All Eyes on Ho Chi Minh City
As an evangelical sect becomes a new cluster
Good morning. There’s no way to sugarcoat it: this has been a bad week for Vietnam; statistically, the worst of the entire pandemic. If you’re reading this through a shared link, please sign up to receive future editions below.
On to the news.
Ho Chi Minh City’s Luck Runs Out
Let’s get some raw numbers out of the way first: on Monday morning, this ongoing outbreak had accounted for 2,164 cases - a figure that is now 3,295, along with 11 deaths. This brings Vietnam’s case total for the pandemic to 6,356 (3,453 are active), and 46 deaths.
Tuesday alone saw 444 cases announced, obliterating the country’s previous single-day case record, which had already been set and broken several times during this wave.
The big news is the emergence of a new cluster in HCMC yesterday, ending the city’s frankly miraculous general avoidance of this surge (though it’s now clear the virus has been present for some time without detection).
On Wednesday, three members of a local evangelical sect visited a hospital in Binh Thanh District with respiratory conditions. They were isolated and tested, and were positive for COVID-19.
Contact tracing and testing found 33 more cases through Thursday night, all linked to the sect (29 members, seven close contacts), with positive cases spread across 16 districts, including a chef at the Sheraton Hotel downtown. 53% of these people have shown COVID-19 symptoms - which is high.
The group in question is the Revival Ekklesia Mission, with an address in Go Vap District. According to their Facebook page, the mission is “a Christian charismatic congregation in fervent prayers for Revival and Salvation in Jesus Christ’s name for everyone.” It was founded “in the 1990s” by two missionaries named Phuong Van Tan and Vo Xuan Loan.
Numerous locations around town, including the Sheraton, have been isolated, and more of this can be expected as contact tracing expands.
The initial source of this cluster is not currently known, while health officials have said it’s possible that the virus has been present for some time, given the number of positive F1 cases.
This morning, the Mekong Delta province of Long An reported its first case as part of this wave - another employee in the kitchen of the Sheraton.
HCMC’s government has responded by increasing restrictions, with gatherings of more than 10 people banned (previously 20), the shuttering of religious establishments, beauty salons and barbershops shut down, and all restaurants and cafes having to switch to take-away or delivery only. (Previously this had only applied to street-side eateries.) Repatriation flights and charter flights bringing in foreign experts have also been suspended from landing in the city.
This is complicated, to say the least, and case numbers in the city are sure to increase (a bakery and an apartment tower in Thao Dien were blockaded yesterday afternoon in relation to a case, and that’s just in my neighborhood).
Sadly, this is also not surprising: people have been complacent here in HCMC, even with huge numbers being reported from northern provinces, and over 100 restaurants in one district alone have been fined in the last 10 days for breaching COVID-19 restrictions.
Elsewhere in the country, thousands of workers in Bac Giang Province, the overall epicenter with 1,678 cases in this wave, are struggling amid a hard lockdown and food supply problems. That province has also begun to use the Rapid Antigen Test (RAT) in order to speed up testing. Given the huge case numbers there, one has to wonder how long the virus was circulating without detection for.
Both Bac Giang and Bac Ninh Province have begun vaccinating industrial park workers, which is extremely important at this point.
Hanoi had problems this week as well, with 17 cases stemming from four new clusters, the largest of which are at a company called T&T Group and a building in the huge Times City Vinhomes development.
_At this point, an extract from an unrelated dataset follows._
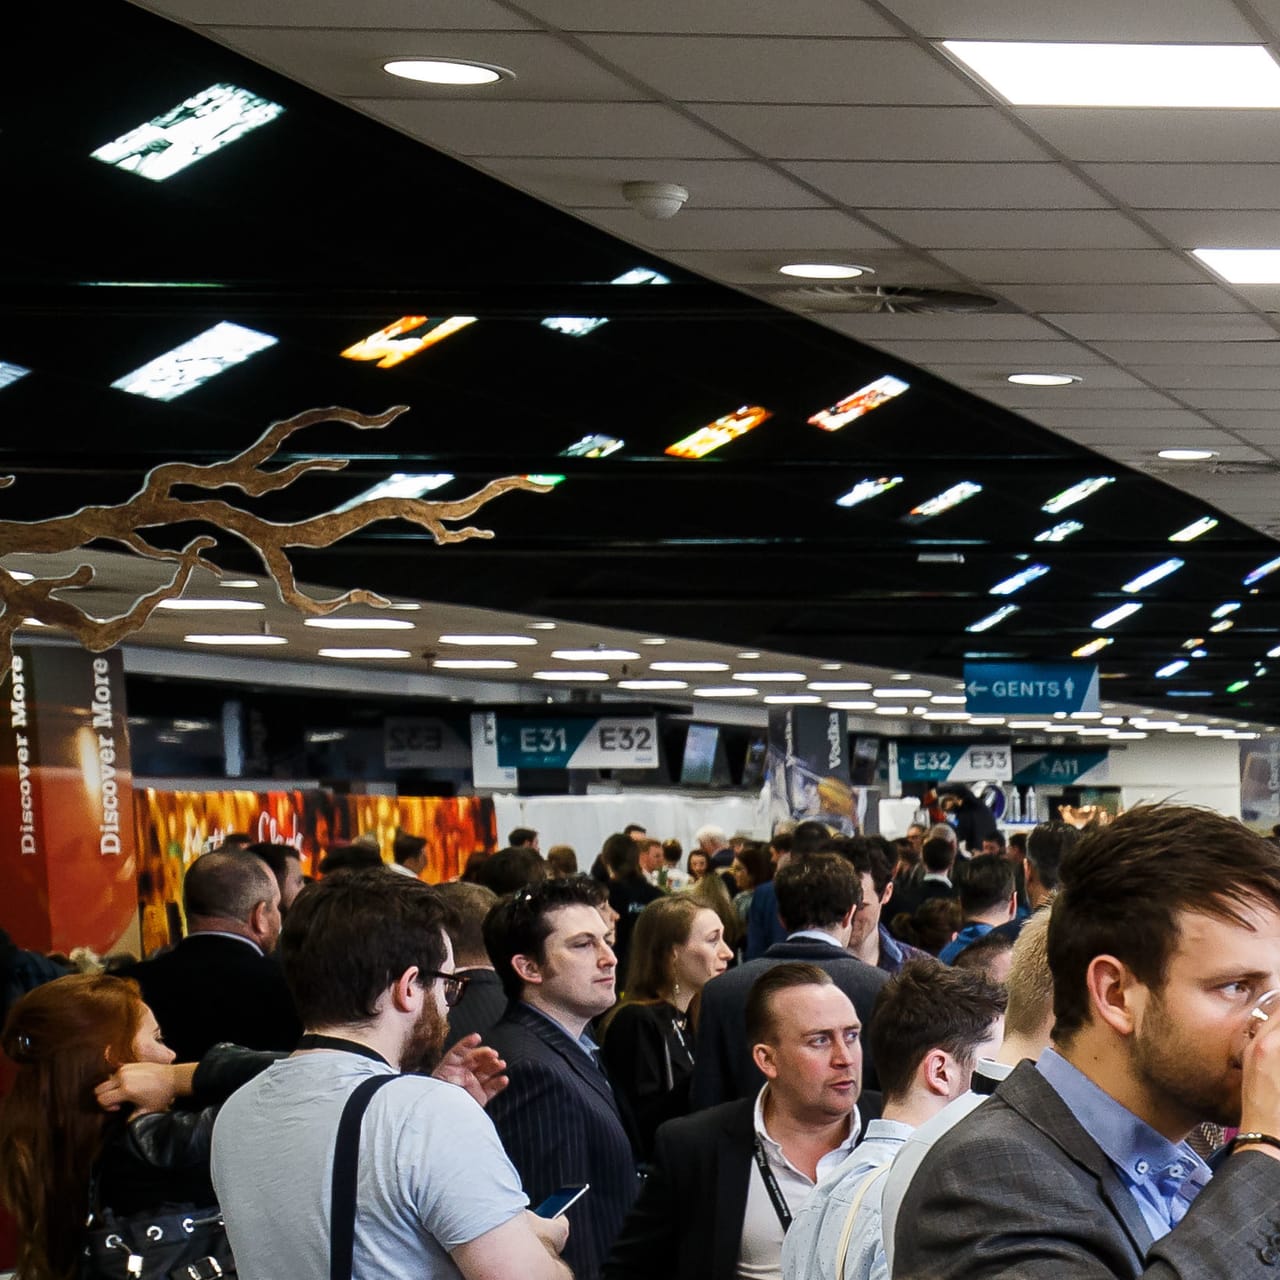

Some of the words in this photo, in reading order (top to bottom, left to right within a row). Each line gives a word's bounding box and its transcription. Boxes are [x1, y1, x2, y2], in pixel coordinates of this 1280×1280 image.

As of now, the sources of those clusters have not been identified. (The Times City one appears to have started from a mother and child from India who had completed 21 days of hotel quarantine and were in the middle of their 7 days of home isolation - that raises questions of its own.)
And, bafflingly, Quang Nam Province (home to Hoi An) has reopened bars and tourist attractions, even though officials in numerous provinces are advising residents to stay home as much as possible.
In vaccine news, 288,000 Oxford/AstraZeneca doses arrived in HCMC this week, part of Vietnam’s contract for 30 million doses. This means the country has received about 2.9 million doses of the vaccine so far, though only 29,000 or so people have been fully vaccinated. (Roughly 1 million people have gotten one shot.)
And the vaccine tours mentioned last week that a couple of Vietnamese travel companies proposed have already been nixed by the government.
I was hoping to cover more than just COVID-19 this week, but staying on top of all this for my own safety has been fairly exhausting - and there’s also just not much going on.
Extra Links:
Meet Vietnam’s bobsledders, the country’s most unlikely sports team (Southeast Asia Globe)
Thạch Sùng: A Muse in Every Home (Saigoneer)
The Aesthetic Yet Functional Role of Shade in the Genome of Vietnam's Modernist Architecture (Saigoneer)
A new generation of renegade Vietnamese chefs breaks through (Nikkei Asia)
Have a great weekend, and stay safe.